Nitin S. Ujgare, Apurwa Patil, Roshni Bhamare, Yogeshwari Rajput, Pranjal Patil

Department of Information Technology MVPs KBTCOE, Nashik, India

Abstract – Marathi folk songs represent a rich cultural heritage encompassing diverse genres such as Powada, Lavani, Bharud, Bhajan, etc. However, the classification of these folk songs remains a challenging task due to linguistic variations and the limited availability of structured resources. This paper presents a comparative study of classical machine learning models and a transformer-based approach for Marathi folk song genre classification using textual features. One of the key contributions of this work is a custom Marathi folk song dataset, annotated with genre, built specifically to support supervised learning in a domain that has received very little attention so far. For the classical models, TF-IDF is used for feature extraction, while the transformer model (MuRIL) learns contextual representations directly from the text. The models evaluated include Logistic Regression, Naive Bayes, Linear SVC, and MuRIL. The results show that among all the evaluated models, Linear SVC achieved the highest accuracy of 72.50%, followed by Logistic Regression (68.75%), MuRIL (48.11%), and Naive Bayes (40.00%). This trend indicates that in low-resource scenarios with limited training data, classical machine learning models can outperform the transformer-based approaches. Overall, the findings reflect both the strengths and current limitations of automated folk song classification, while also highlighting its potential for supporting the preservation and analysis of regional cultural heritage.

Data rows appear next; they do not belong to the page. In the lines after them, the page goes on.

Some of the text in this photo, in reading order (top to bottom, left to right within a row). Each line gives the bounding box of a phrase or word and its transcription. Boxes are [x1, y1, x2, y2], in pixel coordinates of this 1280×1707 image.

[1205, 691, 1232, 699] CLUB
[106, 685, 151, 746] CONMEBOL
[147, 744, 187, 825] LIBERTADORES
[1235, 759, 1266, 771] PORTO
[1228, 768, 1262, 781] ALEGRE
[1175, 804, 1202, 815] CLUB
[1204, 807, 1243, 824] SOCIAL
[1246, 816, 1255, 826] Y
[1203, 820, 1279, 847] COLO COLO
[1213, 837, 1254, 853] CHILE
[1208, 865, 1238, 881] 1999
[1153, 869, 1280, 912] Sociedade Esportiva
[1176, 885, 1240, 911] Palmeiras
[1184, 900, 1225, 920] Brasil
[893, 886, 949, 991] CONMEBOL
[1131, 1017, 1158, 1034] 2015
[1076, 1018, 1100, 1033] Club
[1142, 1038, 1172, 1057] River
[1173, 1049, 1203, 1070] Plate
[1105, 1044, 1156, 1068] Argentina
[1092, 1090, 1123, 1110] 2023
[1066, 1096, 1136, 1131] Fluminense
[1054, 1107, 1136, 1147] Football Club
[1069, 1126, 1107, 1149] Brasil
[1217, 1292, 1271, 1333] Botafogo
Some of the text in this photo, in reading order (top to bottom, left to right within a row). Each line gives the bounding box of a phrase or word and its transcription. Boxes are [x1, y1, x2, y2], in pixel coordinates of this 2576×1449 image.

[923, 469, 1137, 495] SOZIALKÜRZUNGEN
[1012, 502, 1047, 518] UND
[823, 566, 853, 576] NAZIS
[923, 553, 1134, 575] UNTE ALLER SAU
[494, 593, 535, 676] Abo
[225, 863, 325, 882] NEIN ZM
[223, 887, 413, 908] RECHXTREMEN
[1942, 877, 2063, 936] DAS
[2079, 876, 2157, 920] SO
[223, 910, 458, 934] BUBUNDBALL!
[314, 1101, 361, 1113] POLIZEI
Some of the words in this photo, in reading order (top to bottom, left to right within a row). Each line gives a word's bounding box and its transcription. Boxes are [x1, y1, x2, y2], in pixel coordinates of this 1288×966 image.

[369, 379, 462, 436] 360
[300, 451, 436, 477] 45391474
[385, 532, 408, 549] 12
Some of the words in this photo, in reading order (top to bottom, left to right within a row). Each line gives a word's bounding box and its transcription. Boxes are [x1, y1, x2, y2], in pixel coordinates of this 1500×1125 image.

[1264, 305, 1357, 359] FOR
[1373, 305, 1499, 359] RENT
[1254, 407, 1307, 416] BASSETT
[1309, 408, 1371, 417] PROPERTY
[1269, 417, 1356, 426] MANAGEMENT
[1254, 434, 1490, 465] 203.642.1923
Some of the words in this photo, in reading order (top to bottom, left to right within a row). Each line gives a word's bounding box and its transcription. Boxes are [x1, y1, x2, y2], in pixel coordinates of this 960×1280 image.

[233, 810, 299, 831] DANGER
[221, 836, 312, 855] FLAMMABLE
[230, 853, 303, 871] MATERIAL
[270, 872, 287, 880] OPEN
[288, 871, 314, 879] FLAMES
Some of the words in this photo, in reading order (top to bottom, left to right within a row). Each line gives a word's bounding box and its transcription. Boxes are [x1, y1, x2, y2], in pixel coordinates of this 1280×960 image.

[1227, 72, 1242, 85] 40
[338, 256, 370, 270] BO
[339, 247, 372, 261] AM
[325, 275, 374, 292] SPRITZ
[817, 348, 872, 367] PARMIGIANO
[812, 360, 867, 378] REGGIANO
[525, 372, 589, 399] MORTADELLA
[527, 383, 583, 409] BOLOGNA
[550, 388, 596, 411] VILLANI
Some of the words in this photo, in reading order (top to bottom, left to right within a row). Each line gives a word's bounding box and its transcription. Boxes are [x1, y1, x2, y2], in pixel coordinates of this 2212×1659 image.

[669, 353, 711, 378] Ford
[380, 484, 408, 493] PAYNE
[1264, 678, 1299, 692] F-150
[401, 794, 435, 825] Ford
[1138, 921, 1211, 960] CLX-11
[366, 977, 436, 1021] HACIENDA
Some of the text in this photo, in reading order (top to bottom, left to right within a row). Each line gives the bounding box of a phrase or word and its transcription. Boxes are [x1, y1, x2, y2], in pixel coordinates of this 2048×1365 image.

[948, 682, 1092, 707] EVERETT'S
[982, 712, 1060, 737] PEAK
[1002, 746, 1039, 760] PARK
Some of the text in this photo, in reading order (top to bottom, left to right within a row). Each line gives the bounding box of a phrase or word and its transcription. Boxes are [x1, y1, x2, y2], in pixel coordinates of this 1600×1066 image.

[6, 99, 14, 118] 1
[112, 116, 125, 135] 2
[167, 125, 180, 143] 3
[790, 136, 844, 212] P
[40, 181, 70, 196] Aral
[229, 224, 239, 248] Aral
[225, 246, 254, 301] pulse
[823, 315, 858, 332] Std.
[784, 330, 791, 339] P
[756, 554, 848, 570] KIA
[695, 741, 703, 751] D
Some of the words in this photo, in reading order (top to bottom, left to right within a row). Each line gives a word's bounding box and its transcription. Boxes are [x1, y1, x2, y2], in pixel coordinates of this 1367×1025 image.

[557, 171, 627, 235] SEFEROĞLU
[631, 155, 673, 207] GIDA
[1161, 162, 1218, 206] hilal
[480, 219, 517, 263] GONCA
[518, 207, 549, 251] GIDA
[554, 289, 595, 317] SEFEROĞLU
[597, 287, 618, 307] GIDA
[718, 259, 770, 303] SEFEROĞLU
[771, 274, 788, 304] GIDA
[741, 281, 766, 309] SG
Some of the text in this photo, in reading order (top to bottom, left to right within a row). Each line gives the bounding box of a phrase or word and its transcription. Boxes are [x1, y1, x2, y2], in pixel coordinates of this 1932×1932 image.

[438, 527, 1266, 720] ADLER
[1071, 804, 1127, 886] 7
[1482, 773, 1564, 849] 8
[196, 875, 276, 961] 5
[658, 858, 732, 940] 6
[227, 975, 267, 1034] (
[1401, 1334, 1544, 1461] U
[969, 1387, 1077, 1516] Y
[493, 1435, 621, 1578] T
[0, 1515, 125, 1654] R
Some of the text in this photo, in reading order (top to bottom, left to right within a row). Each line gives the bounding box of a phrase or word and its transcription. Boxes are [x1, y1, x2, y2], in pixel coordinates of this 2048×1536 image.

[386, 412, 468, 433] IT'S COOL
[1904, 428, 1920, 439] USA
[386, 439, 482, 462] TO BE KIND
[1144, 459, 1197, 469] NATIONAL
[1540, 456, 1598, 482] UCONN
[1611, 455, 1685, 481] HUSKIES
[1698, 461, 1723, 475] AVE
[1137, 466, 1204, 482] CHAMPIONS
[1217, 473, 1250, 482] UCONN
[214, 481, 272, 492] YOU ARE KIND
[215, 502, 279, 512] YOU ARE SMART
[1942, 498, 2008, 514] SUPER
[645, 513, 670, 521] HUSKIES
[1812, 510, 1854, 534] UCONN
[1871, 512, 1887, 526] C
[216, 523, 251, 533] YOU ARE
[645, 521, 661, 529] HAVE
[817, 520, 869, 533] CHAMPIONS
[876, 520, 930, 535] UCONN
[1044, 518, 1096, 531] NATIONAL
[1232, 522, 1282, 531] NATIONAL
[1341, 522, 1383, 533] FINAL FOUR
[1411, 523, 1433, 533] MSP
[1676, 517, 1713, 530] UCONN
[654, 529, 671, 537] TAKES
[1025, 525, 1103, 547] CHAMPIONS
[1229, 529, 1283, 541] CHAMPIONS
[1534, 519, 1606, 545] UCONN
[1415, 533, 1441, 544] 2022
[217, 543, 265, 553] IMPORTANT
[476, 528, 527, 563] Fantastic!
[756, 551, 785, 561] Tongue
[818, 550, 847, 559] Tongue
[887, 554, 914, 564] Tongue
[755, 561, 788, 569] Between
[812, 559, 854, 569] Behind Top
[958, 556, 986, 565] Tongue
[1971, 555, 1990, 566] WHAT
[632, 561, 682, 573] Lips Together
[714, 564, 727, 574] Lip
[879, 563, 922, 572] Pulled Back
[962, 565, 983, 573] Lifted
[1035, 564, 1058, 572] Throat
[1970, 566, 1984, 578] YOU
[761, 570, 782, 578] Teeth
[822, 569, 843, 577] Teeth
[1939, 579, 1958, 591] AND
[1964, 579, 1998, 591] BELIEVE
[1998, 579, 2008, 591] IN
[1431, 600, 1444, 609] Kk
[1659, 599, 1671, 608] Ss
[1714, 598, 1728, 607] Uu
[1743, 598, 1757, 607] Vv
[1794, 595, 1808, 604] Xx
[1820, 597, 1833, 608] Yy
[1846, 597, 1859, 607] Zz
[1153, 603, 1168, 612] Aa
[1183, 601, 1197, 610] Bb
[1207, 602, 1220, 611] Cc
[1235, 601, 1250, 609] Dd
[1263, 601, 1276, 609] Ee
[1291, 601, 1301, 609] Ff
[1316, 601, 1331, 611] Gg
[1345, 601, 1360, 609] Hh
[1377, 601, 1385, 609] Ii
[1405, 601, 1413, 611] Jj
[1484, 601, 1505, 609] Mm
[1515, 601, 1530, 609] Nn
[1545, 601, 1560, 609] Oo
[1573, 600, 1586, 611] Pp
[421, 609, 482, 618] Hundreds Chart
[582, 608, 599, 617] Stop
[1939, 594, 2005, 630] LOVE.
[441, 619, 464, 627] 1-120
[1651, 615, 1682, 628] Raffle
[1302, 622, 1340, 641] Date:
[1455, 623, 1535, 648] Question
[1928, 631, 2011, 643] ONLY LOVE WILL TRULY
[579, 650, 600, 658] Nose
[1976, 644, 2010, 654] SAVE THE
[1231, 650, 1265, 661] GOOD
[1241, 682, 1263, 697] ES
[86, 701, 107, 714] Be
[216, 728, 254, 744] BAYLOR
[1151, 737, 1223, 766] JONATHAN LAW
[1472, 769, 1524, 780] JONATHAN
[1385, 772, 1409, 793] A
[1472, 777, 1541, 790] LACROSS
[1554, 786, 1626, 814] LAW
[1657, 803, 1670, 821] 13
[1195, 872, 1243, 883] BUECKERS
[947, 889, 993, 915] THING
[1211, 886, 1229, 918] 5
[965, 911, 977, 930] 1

Keywords Marathi Folk Songs, Text Classification, Cultural Heritage Preservation, Machine Learning, TF-IDF

  1. INTRODUCTION

    Music genre prediction is a well-known problem in Music Information Retrieval (MIR), with practical applications ranging from recommendation systems and playlist organization to digital archiving. Most of the work done so far has centered on audio-based features. Folk music presents additional challenges such as significant overlap in themes, linguistic styles, and cultural context. Expert knowledge has long been the backbone of folk song classification.The automatic classification of folk songs remains difficult due to overlapping stylistic patterns, linguistic diversity, and the scarcity of well-structured, annotated datasets [1]. Moreover, genre boundaries in folk traditions are not rigid; they are often loosely defined and overlapping, which further complicates the task of automated classification.

    The problem becomes more pronounced in the context of Marathi folk music. The language has limited NLP resources, and publicly available, well-annotated datasets are hard to come by. Existing research in MIR has mostly focused on Western music and high-resource languages, leaving regional Indian

    folk traditions with little representation in automated analysis systems. Recent studies, including [2], have traced the shift in genre prediction methods from traditional feature-based techniques to transformer-based models. Even so, applying these approaches to regional folk music Marathi in particular remains limited, largely due to data scarcity and linguistic variability. To address this gap, this paper presents a curated dataset of Marathi folk song lyrics annotated with genre, regional origin, and historical context. Multiple machine learning models are evaluated comparatively using TF-IDF-based textual features.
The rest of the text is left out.